Exercise objective. Retype the records below exactly as they appear, but leave out any pictures.

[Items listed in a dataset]

_ _ _ _ _

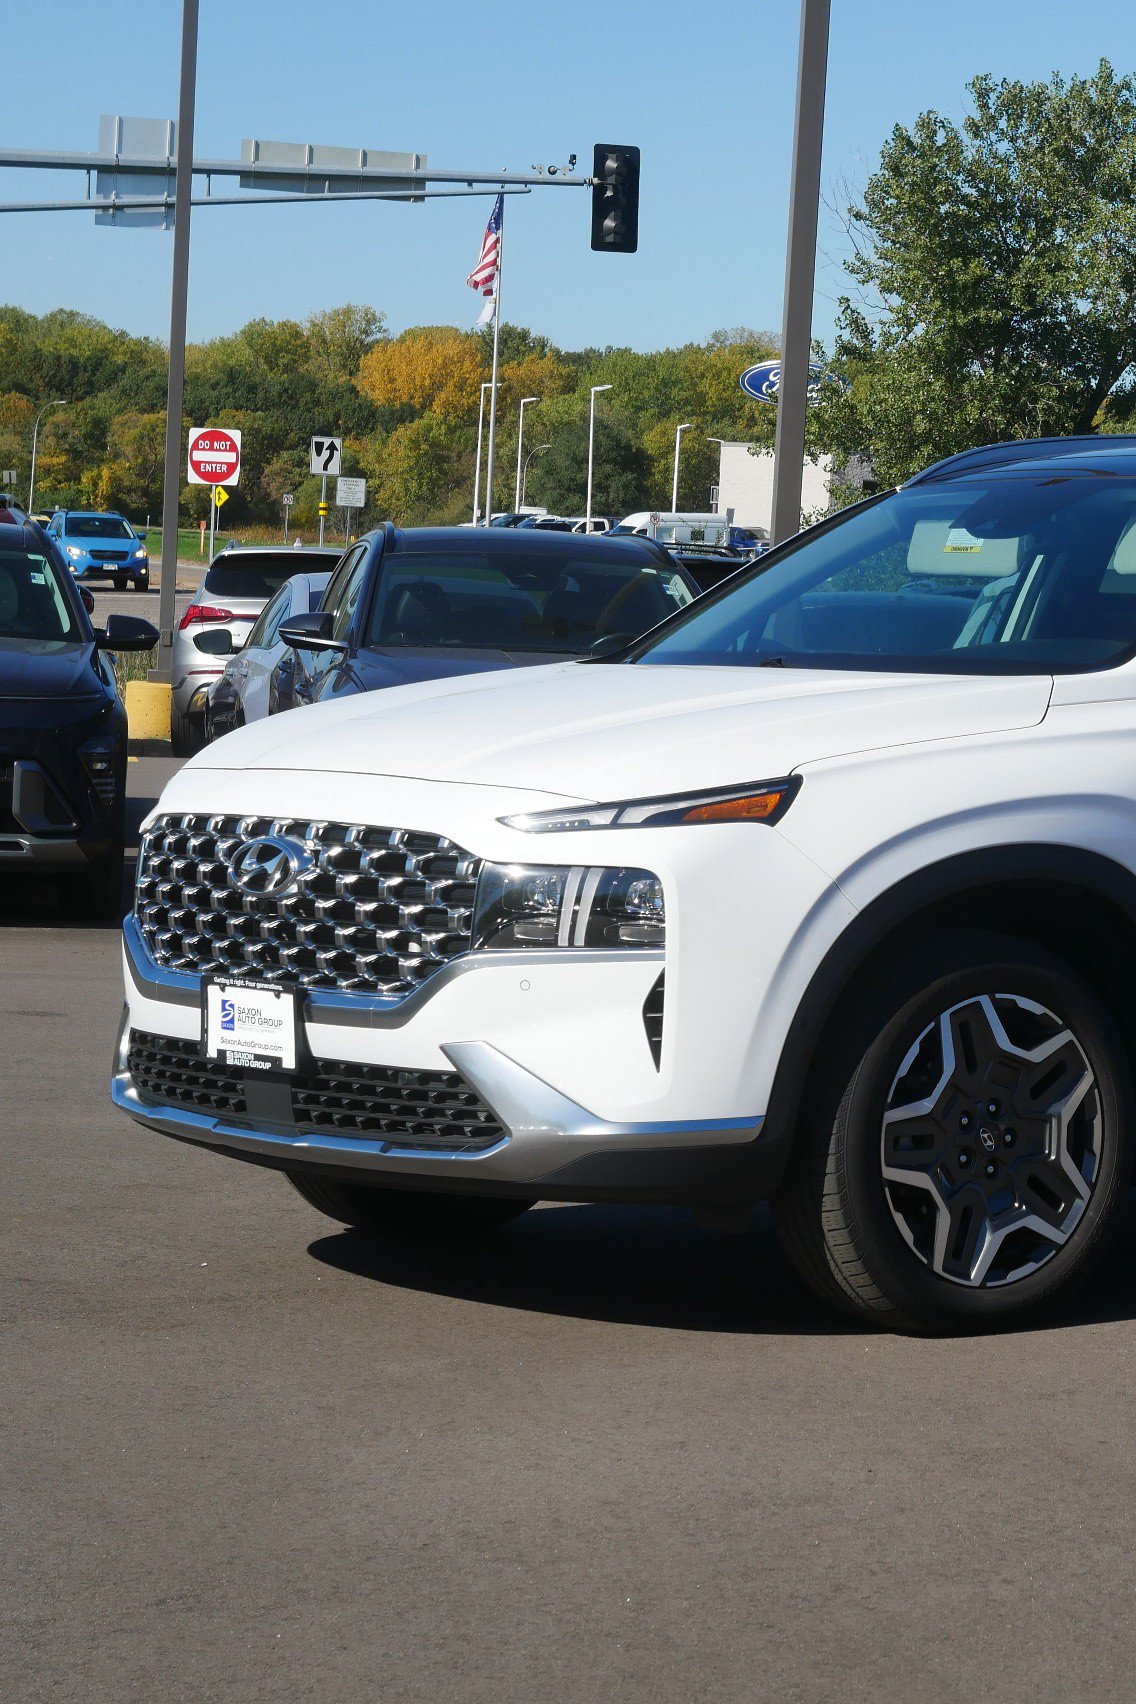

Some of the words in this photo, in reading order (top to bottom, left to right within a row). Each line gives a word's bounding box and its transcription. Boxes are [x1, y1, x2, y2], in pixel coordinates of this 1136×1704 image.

[198, 440, 210, 449] DO
[213, 441, 231, 450] NOT
[200, 463, 228, 473] ENTER
[214, 976, 230, 985] Getting
[237, 1006, 262, 1017] SAXON
[237, 1015, 256, 1025] AUTO
[258, 1018, 283, 1028] GROUP
[220, 1036, 284, 1052] SaxonAutoGroup.com
[234, 1052, 254, 1060] SAXON
[234, 1058, 250, 1066] AUTO
[250, 1060, 272, 1070] GROUP
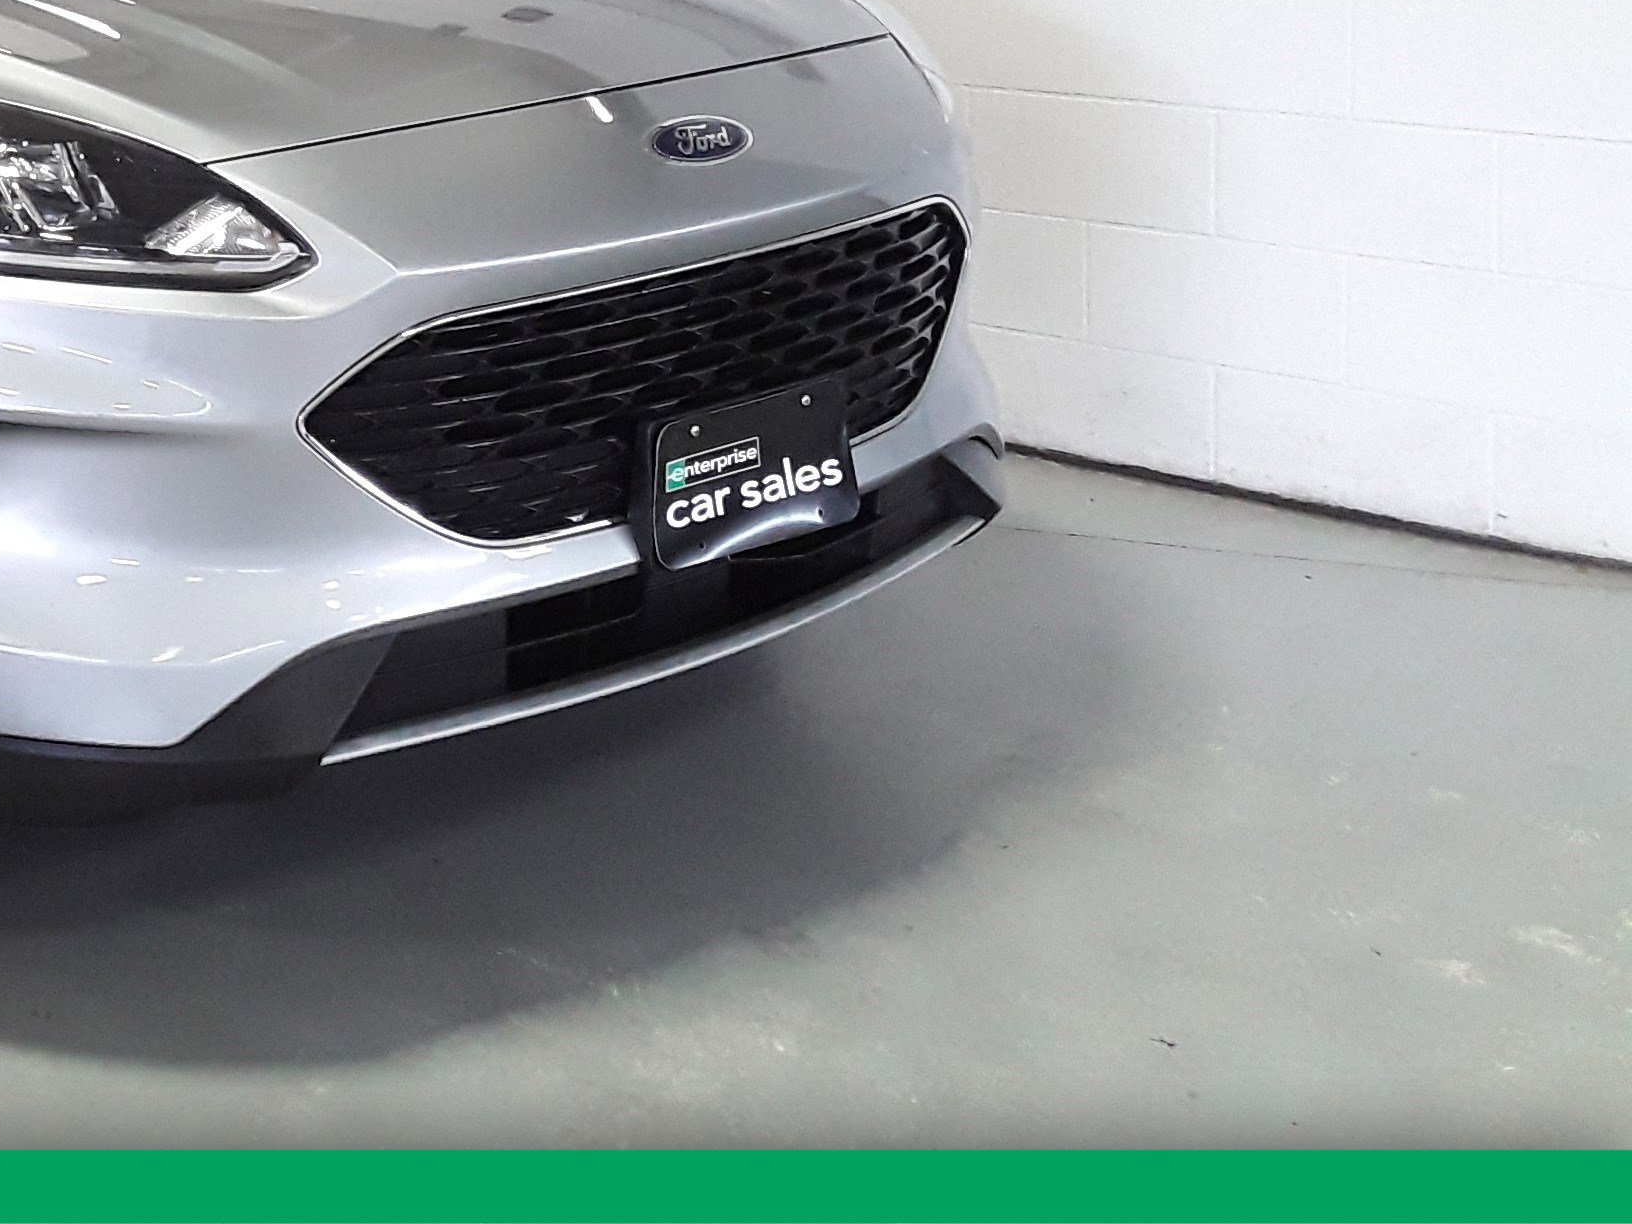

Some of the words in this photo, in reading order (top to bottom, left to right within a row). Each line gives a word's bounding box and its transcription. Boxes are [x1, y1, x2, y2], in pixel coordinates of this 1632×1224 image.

_ _ _ _ _

Exercise result.
Some of the words in this photo, in reading order (top to bottom, left to right within a row). Each line gives a word's bounding box and its transcription. Boxes are [x1, y1, x2, y2], in pixel coordinates of this 1136×1704 image.

[198, 440, 210, 449] DO
[213, 441, 231, 450] NOT
[200, 463, 228, 473] ENTER
[214, 976, 230, 985] Getting
[237, 1006, 262, 1017] SAXON
[237, 1015, 256, 1025] AUTO
[258, 1018, 283, 1028] GROUP
[220, 1036, 284, 1052] SaxonAutoGroup.com
[234, 1052, 254, 1060] SAXON
[234, 1058, 250, 1066] AUTO
[250, 1060, 272, 1070] GROUP

Some of the words in this photo, in reading order (top to bottom, left to right within a row). Each line gives a word's bounding box and its transcription. Boxes are [x1, y1, x2, y2], in pixel coordinates of this 1632×1224 image.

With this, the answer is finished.